* _WHAT IS NEEDED_: Here is a block of records. Copy every one of them exactly.

Segment Start: EXTRACTED INFORMATION

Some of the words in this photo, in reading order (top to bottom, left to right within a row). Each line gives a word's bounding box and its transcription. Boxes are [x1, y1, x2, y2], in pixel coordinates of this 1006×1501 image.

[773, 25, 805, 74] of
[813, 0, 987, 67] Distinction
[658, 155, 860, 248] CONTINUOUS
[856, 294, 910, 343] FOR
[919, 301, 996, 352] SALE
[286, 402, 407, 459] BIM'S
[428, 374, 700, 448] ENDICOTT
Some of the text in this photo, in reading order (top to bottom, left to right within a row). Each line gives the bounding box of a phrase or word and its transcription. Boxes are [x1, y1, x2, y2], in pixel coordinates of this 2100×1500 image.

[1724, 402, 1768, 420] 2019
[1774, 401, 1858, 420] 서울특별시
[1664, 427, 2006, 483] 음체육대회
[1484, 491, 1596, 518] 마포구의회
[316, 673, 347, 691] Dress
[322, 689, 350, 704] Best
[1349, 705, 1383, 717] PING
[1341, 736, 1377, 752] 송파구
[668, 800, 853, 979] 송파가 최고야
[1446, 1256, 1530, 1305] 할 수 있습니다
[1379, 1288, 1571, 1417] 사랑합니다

Segment End: EXTRACTED INFORMATION

* _SOLVED EXERCISE_:
Some of the words in this photo, in reading order (top to bottom, left to right within a row). Each line gives a word's bounding box and its transcription. Boxes are [x1, y1, x2, y2], in pixel coordinates of this 1006×1501 image.

[773, 25, 805, 74] of
[813, 0, 987, 67] Distinction
[658, 155, 860, 248] CONTINUOUS
[856, 294, 910, 343] FOR
[919, 301, 996, 352] SALE
[286, 402, 407, 459] BIM'S
[428, 374, 700, 448] ENDICOTT
Some of the text in this photo, in reading order (top to bottom, left to right within a row). Each line gives the bounding box of a phrase or word and its transcription. Boxes are [x1, y1, x2, y2], in pixel coordinates of this 2100×1500 image.

[1724, 402, 1768, 420] 2019
[1774, 401, 1858, 420] 서울특별시
[1664, 427, 2006, 483] 음체육대회
[1484, 491, 1596, 518] 마포구의회
[316, 673, 347, 691] Dress
[322, 689, 350, 704] Best
[1349, 705, 1383, 717] PING
[1341, 736, 1377, 752] 송파구
[668, 800, 853, 979] 송파가 최고야
[1446, 1256, 1530, 1305] 할 수 있습니다
[1379, 1288, 1571, 1417] 사랑합니다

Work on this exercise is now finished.